Nobody supports the eugenic model of the early 20th century

“Regulating eugenics,” Harvard Law Review, vol. 121 (April 2008), p. 1581-1582

“The eugenics of the first half of the twentieth century is rightly considered abhorrent. Couched in faux scientific language, eugenics policies were at bottom motivated more by racism, classism, and colonial subjugation than by any real concern for genetic fitness. The Nazis’ justifications for the Holocaust are perhaps the apex of the horrors of the early eugenics movement.”


Modern liberal eugenics differs from authoritarian Nazi eugenics

Chris Ganchoff (Assistant Professor of Sociology, Michigan State Univ.), “Eugenic undergrounds: stem cells and human futures,” New Formations, Spring 2007, p. 121-122

“Liberal eugenics, persuasively argued by Nicholas Agar, differs from older, non-liberal (or authoritarian) forms of eugenics primarily in that the focus is on the individual’s decision-making capability. The state, or other large corporate actors, is disallowed from using coercive tactics regarding the individual’s reproductive choices.
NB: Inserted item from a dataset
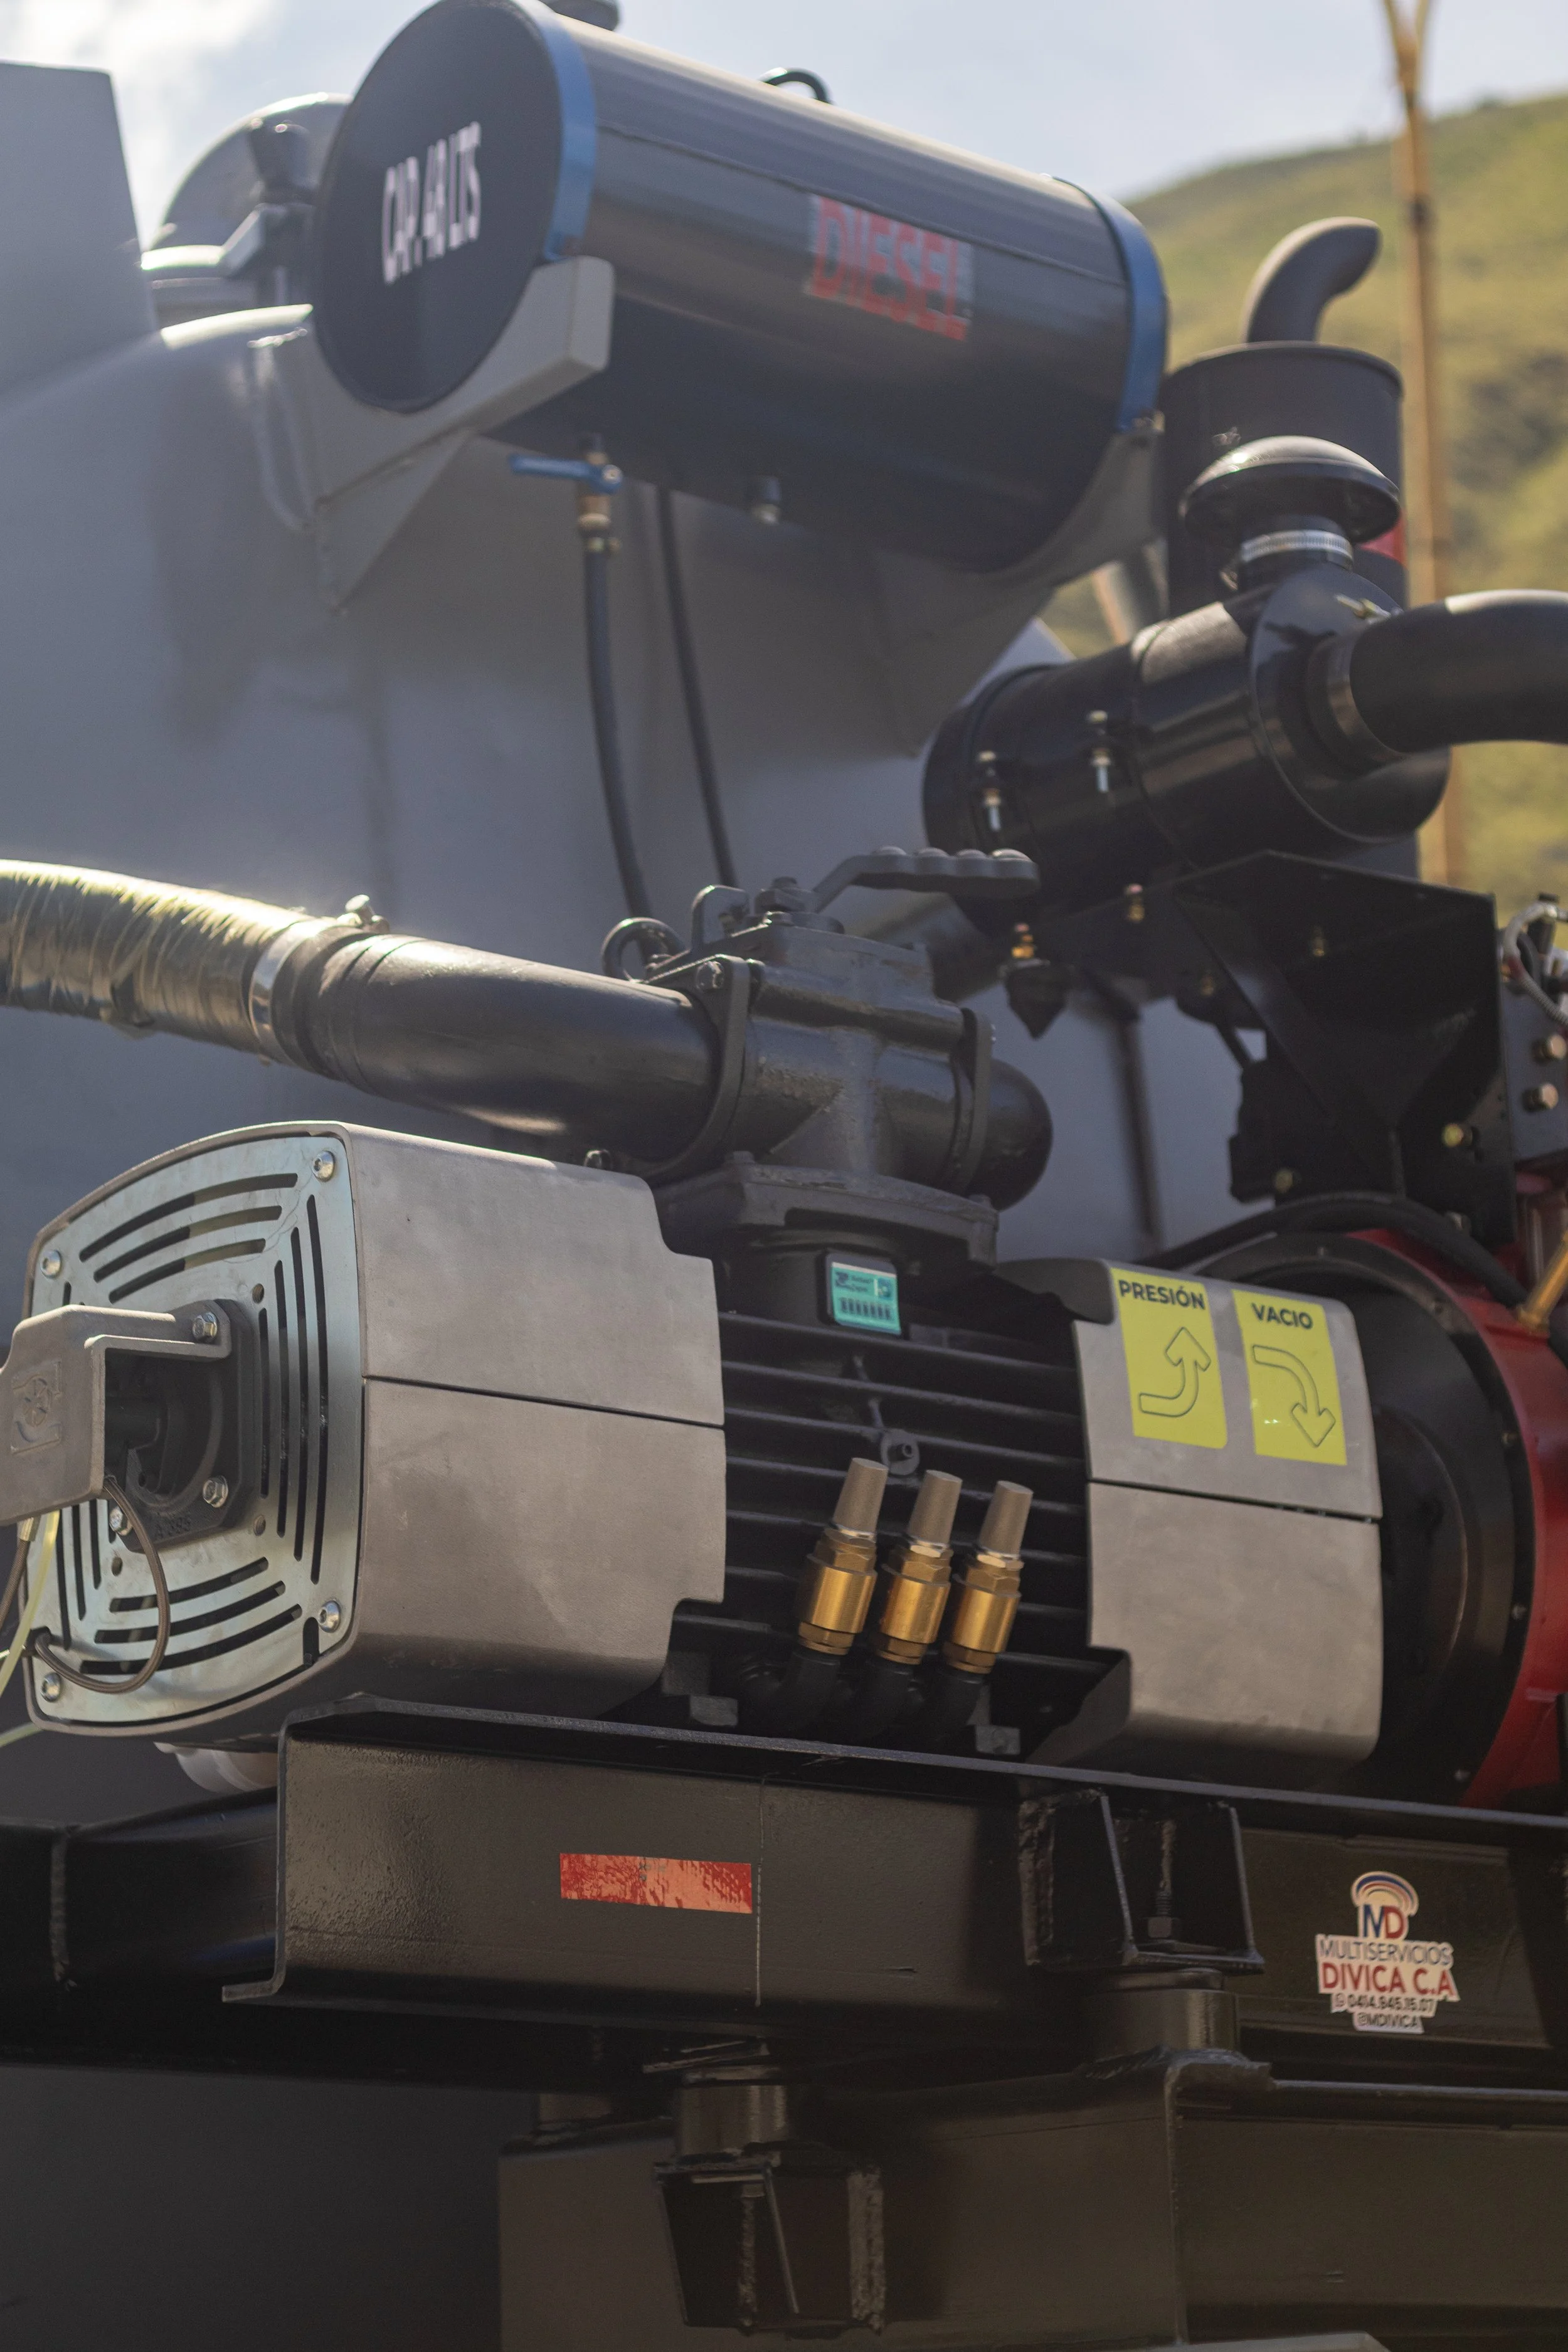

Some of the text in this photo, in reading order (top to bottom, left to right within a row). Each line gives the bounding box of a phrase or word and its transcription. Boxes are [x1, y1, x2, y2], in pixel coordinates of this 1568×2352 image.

These entities can regulate the use of the biotechnologies that underlie liberal eugenics, such as genetic diagnostic and enhancement technologies, but they are not allowed to mandate or prohibit their usage. This choice falls to individuals and couples, and other potential parents. Authoritarian eugenics was overseen by the state, and played a major role in the imagination and implementation of the nation. The transition to liberal eugenics marks the attenuation of the state, and the unfolding of the field of biotechnology, within which the state is one actor among many. Authoritarian eugenics were applied to perceived marginal populations as coercive ‘therapeutic’ solutions. Liberal eugenics will be applied first by the elite to themselves, or those with the material resources to make the choices that affirm liberal eugenics. Agar concludes that ‘underground’ (illicit or morally and/or technically questionable practices) biotechnological intervention in the human genome will be the driving force across the fraught terrain of human experimentation — that is, the kinds of genetic interventions that defenders of the genetically human perspective fear will inevitably happen. Juxtaposing Nazi experimentation on concentration camp inmates with early organ transplantation, he concludes that the latter should be our frame of reference for thinking about those who may conduct genetic enhancements.”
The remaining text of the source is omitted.